At the Annual Town Meeting in May, Bethany voters approved the purchase of a salt shed to be constructed behind the town garage as part of a bond initiative.  Unlike the old garage facility where only enough salt for a few smaller storms could be stored at any given time, the construction of this building will allow the Department of Public Works to purchase and store a larger volume of salt in the summer when salt prices are very low instead of paying top dollar or going without in January and February when inventories are depleted.  “We learned an expensive lesson in 2013 and 2014, “said DPW Director, Alan Green.  “There was literally almost no supply of salt anywhere in the state. Any salt that was available was at a premium price.  At one point, we had to borrow salt from Orange to get through a bad storm because we had used up our supply.”   Since that experience, Mr. Green had been lobbying the Board of Finance to fund the construction of a larger facility and in the budget proposal for 2016-2017, the taxpayers approved an appropriation for $350,000 for “costs related to the construction of a road salt storage facility for the use of the Bethany Highway Department.”  At that same meeting, Mr. Green explained that the building would be purchased from and constructed by Dome Corporation but the foundation work would be done by the Bethany Highway Department within his DPW budget.

The Department commenced excavation and began grading and compacting the ground to prepare for installation of the building.
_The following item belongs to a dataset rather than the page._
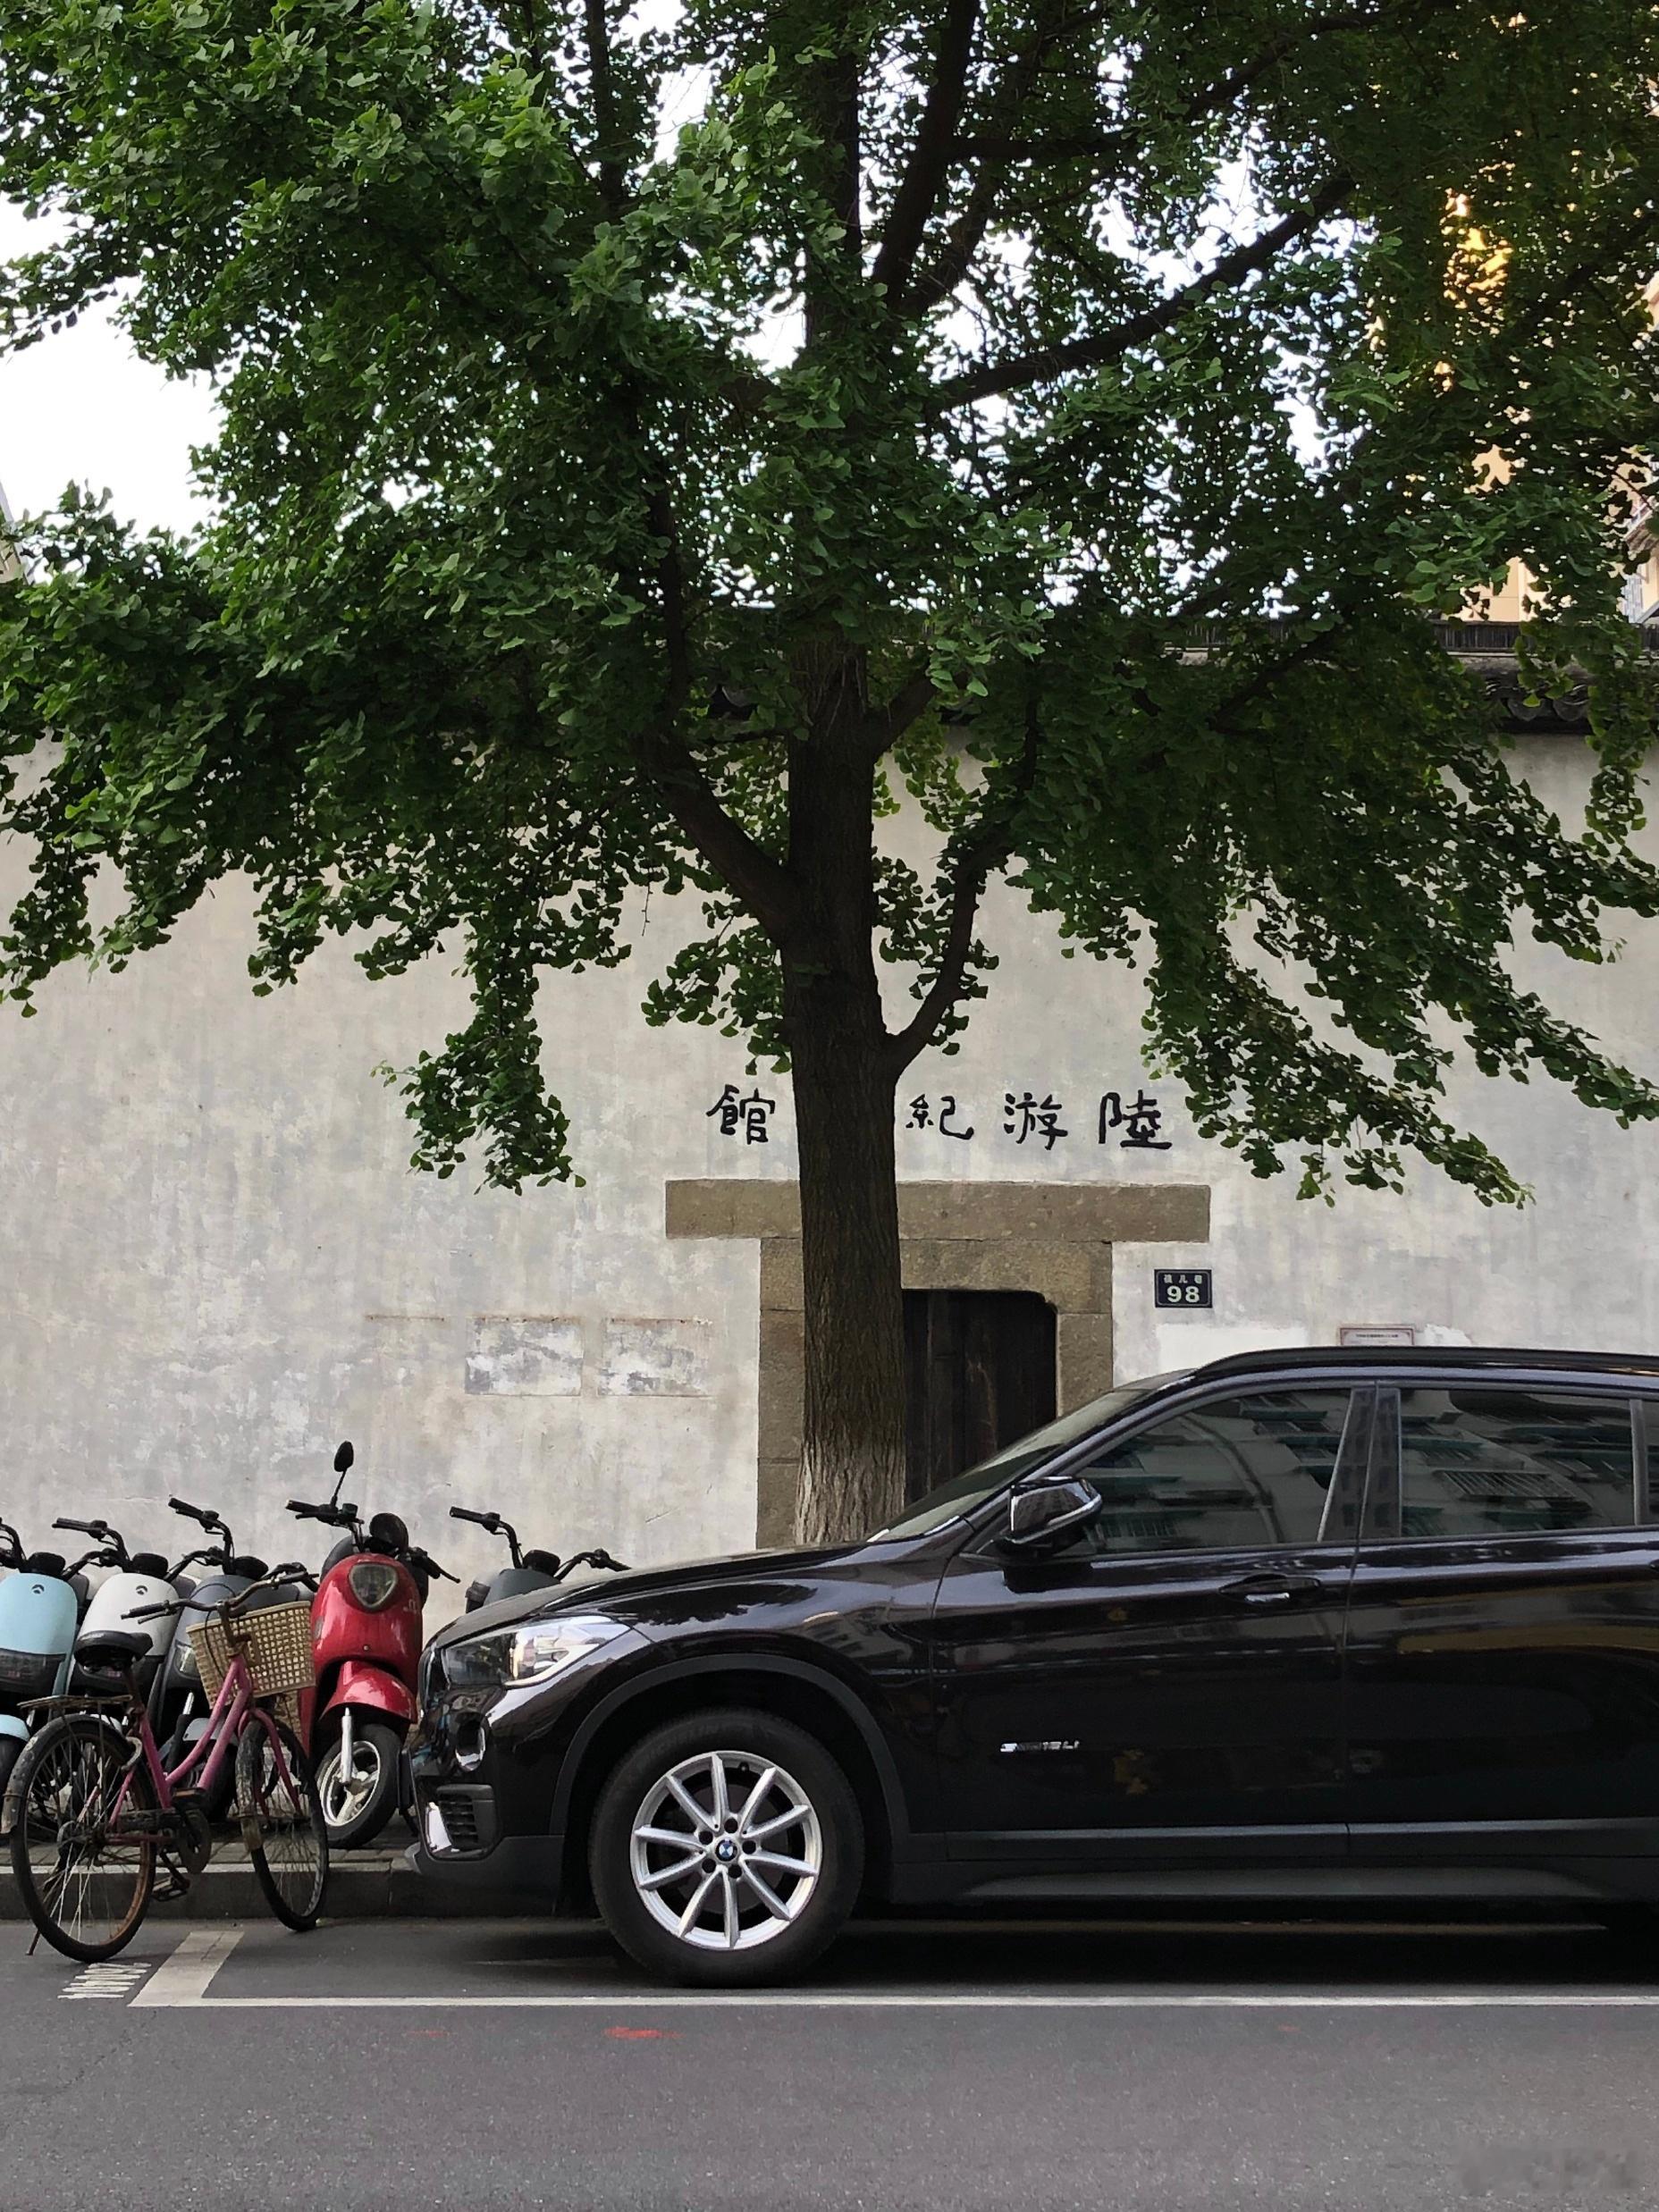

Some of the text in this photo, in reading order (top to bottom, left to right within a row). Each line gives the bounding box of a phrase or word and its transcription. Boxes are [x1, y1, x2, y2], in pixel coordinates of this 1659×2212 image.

During the excavation, the Department discovered that instead of easily compacted dirt and gravel, it found dozens of old tree stumps and other buried material that was unsuitable for compaction, required the stumps and other materials to be removed and the replacement suitable materials to allow for safe and proper compaction. Due to the removal of the stumps and other materials, the depth of the foundation was increased, requiring the engineer to design the building to be placed on footings instead of directly on the surface. The unexpected footings and related work increased the cost of the foundation by about $80,000.

“The extra cost for the foundation will still come out of my budget,” said Alan Green. “All the major road work was completed in the fall and the higher ticket items we budgeted for have all been completed.  So I will continue to closely monitor my budget and reduce costs in other areas to make up for the extra work we had to do to dig out the buried stumps and build a solid, properly engineered foundation for this building.”